When an announcer says, “Almost a travel” or “almost a carry,” 100% of the time that means it was simply an uncalled travel or carry…We love that the name of the host city is written on the side of every court, even if the glare from the venue’s lights make them difficult to read; Still, good job on that one, NCAA…We’ve got nothing personal against Casey Stern, but the dude who finished runner-up to him for that TBS studio host gig must be a tad non-plussed…Do yourself a favor and keep a tally of how many times the CBS studio dudes, particularly Charles and Kenny, reference something but cannot recall the name of the player or coach or school and then Ernie has to step in to supply the name. Yesterday we noted this on Twitter and moments later Kenny was making an LSU in ’19 comparison to Michigan in ’90 and could not recall the names of Bill Frieder-Steve Fisher…I know I’m an old-timer in terms of rules, but we need to eliminate the tuck-the-ball-under-your-arm drive to the hoop maneuver. Never mind that it can only be accomplished by taking an extra step, which leads me to this question: Why isn’t it a “gather step” when a post player moves his other foot on the low post?…How poetic to see Bill Murray, whose son is a Louisville assistant, rooting once again against the Gophers; you’ve gotta wonder is someone at the Selection Committee set that up, though we wouldn’t give them this much credit. Alas, for the Cardinals, it was not “a Cinderella story”…Tell me you laughed when you saw the “Introduction to Basket Weaving” ad; does the NCAA really want to be calling extra attention to this skill during the tournament?…

H To The Izzo

It’s difficult to opine on the Izzo Incident without, by the very act of mentioning it, making it appear bigger than it was. But we’ll try. Yes, if you watch the video (above) closely, you’ll note that the only humans who actually put hands on other humans here were the Spartan players placing hands on Izzo (to hold him back). So, yes, I gotcha.

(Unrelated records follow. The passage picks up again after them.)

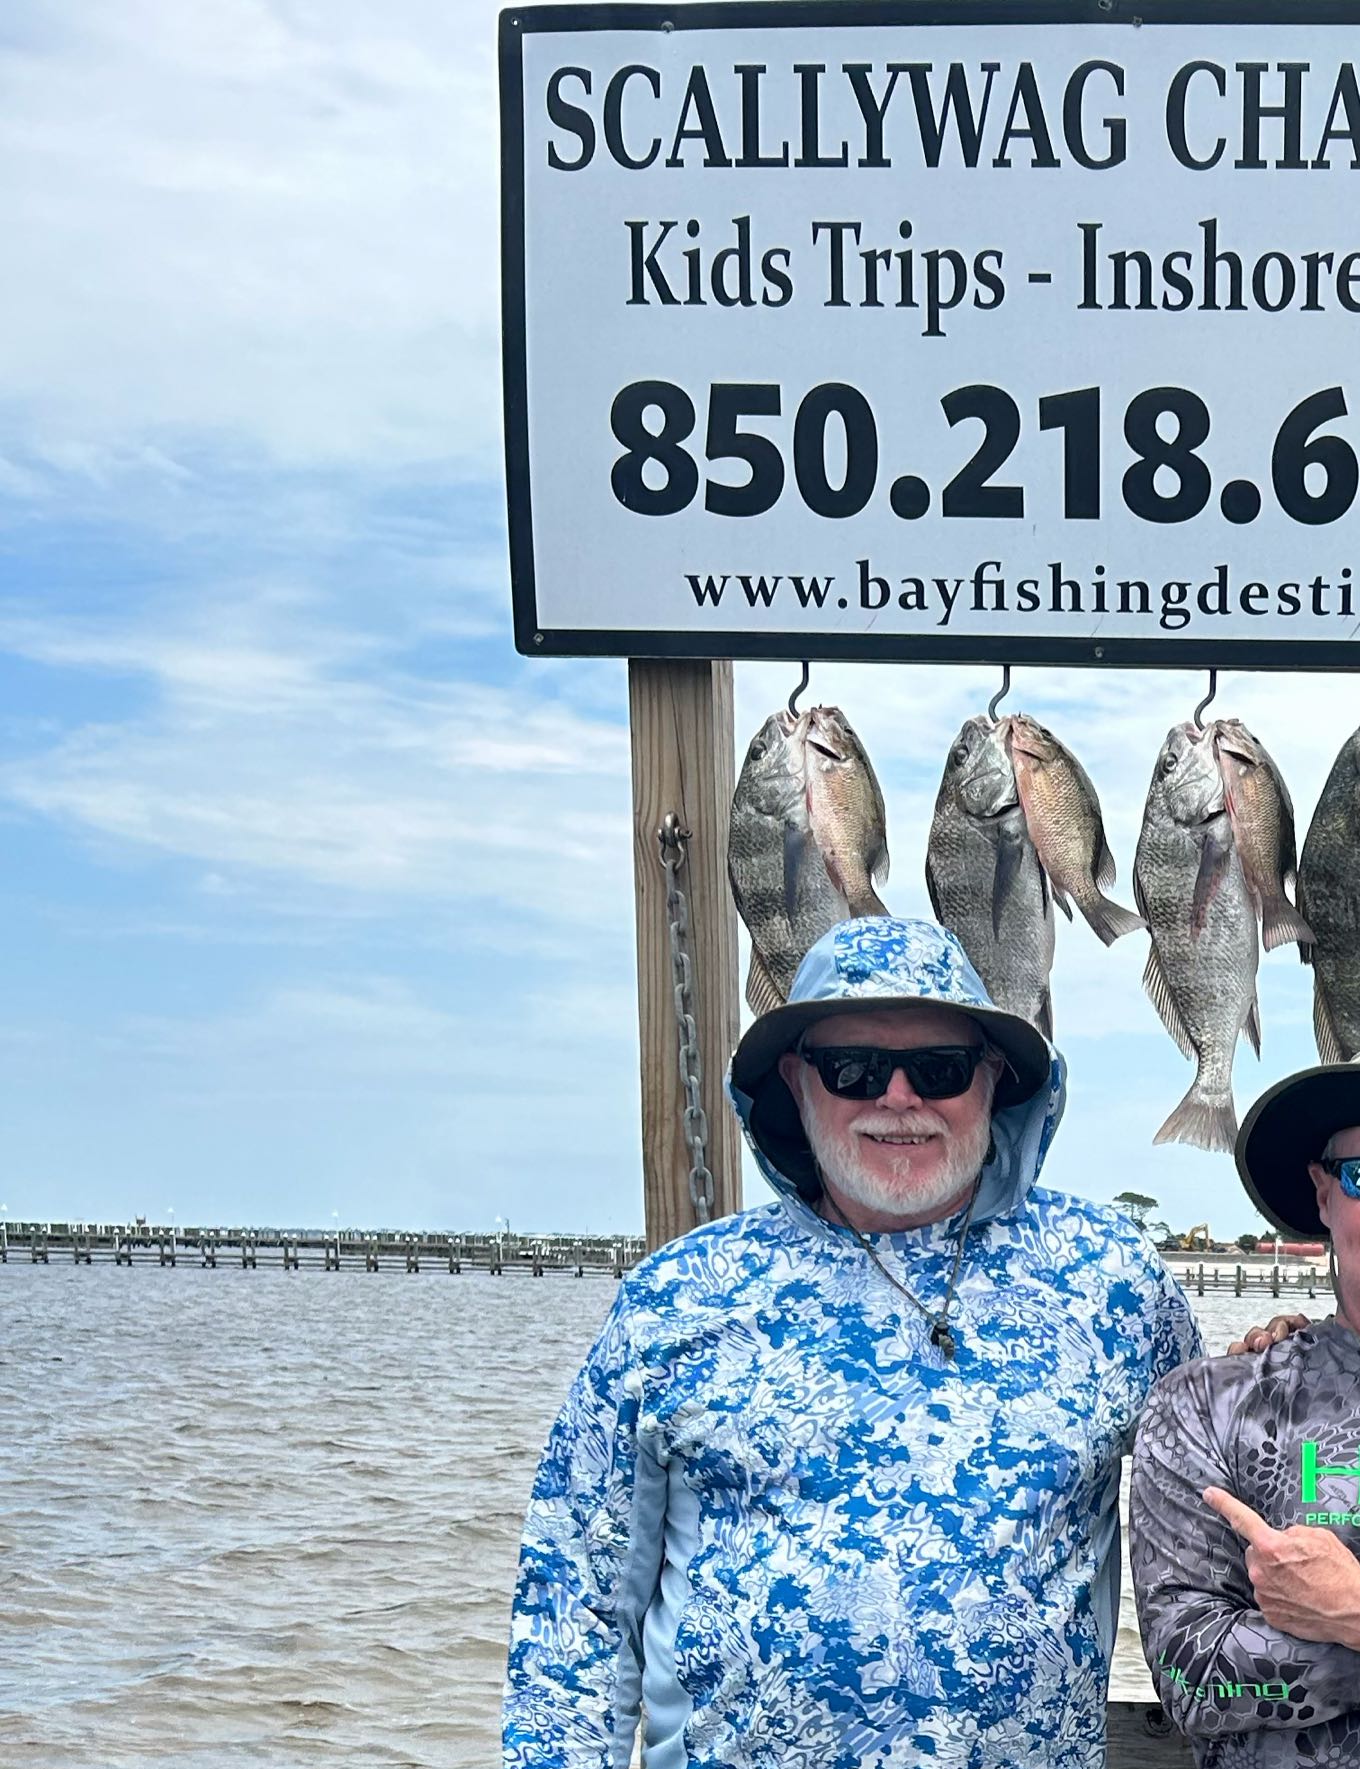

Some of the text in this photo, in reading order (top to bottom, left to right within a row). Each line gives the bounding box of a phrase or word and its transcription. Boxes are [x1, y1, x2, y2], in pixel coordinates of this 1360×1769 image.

[546, 60, 1127, 172] SCALLYWAG
[624, 215, 794, 308] Kids
[811, 220, 1005, 337] Trips
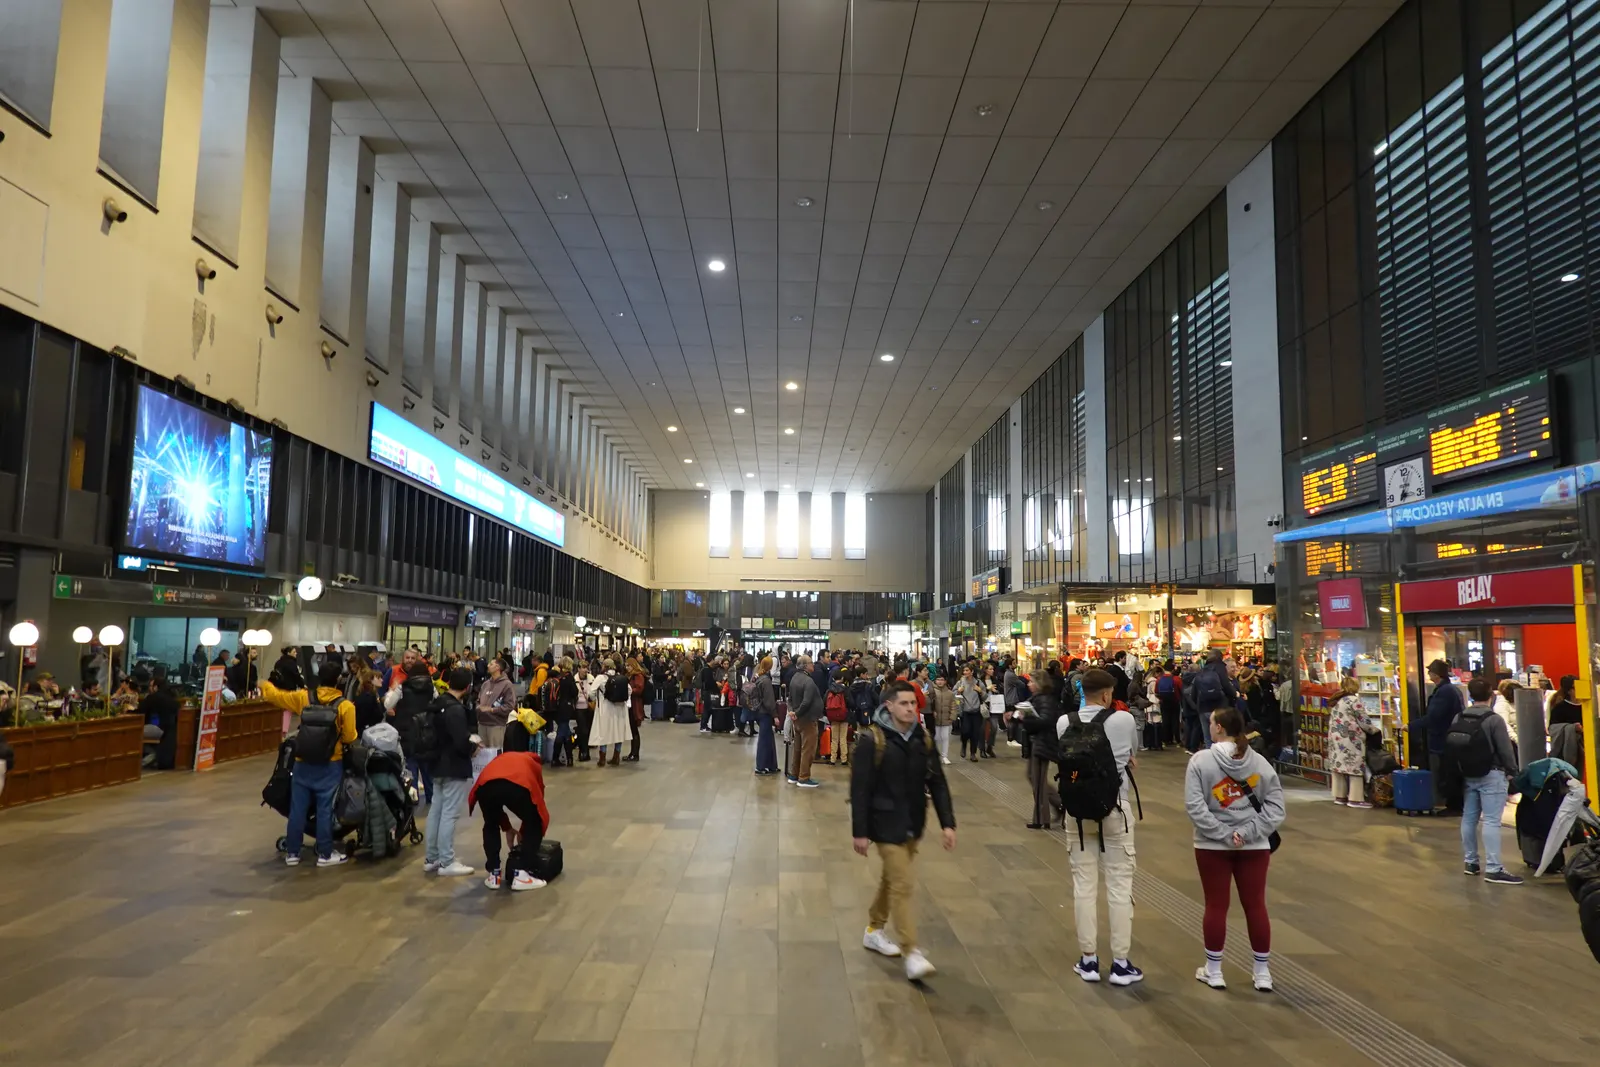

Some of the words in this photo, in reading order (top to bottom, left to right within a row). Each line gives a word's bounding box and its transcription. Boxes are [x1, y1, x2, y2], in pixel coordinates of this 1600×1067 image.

[1399, 467, 1408, 477] 12
[1416, 487, 1422, 496] 3
[1389, 494, 1395, 503] 9
[1457, 575, 1492, 606] RELAY

But here’s why, for us, it’s so wrong: When a 64 year-old moves toward an 18- or 19- year-old in a threatening manner, he’s unconsciously acknowledging that the only reason he may do so with impunity is that he holds all the cards. He has job security and is financially set for life. The player’s hoops future, meanwhile, rests in his hands. The coach has all the leverage, which is the only reason he can presume that a physical altercation between the two won’t end up with him laying unconscious. Which is how it would end up any other time these two squared off. So by moving toward Henry the way Izzo did, he’s exploiting his position.

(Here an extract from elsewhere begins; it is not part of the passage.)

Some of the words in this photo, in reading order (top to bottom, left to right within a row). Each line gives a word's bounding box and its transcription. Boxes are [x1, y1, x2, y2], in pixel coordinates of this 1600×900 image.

Bark at your player all you want. But when you move at him as if you’re going to physically manhandle him, you’re being a bully. Because in the real world you’d be KO’d.

We thought it was telling when Reggie Miller, seated courtside, offered, “I don’t mind the passion and the fire, especially if it’s directed at—with good intent.” Are you paying attention? Reggie was about to say “a freshman” but then caught himself and realized how out-of-touch that would sound. So, deftly, he quickly changed it to “with good intent.” Me, personally, I’m sick of “good intent.” Give me “good results” instead.

Hey Ja!

While only attempting eight shots yesterday afternoon, Murray State sophomore Ja Morant totally controlled the action in the Racers’ runaway win against Marquette. We liked what Kenny the Jet said about him: “He’s quick, but he doesn’t hurry.” So true. There were moments when Morant would grab a defensive board and lead a fast break that led to an assist, but there were just as many when he’d slow the action, wait for a pick to develop, and let the play come to him.

One final pleasure of watching him play? I’d pay just to see him dribble out of half-court double teams.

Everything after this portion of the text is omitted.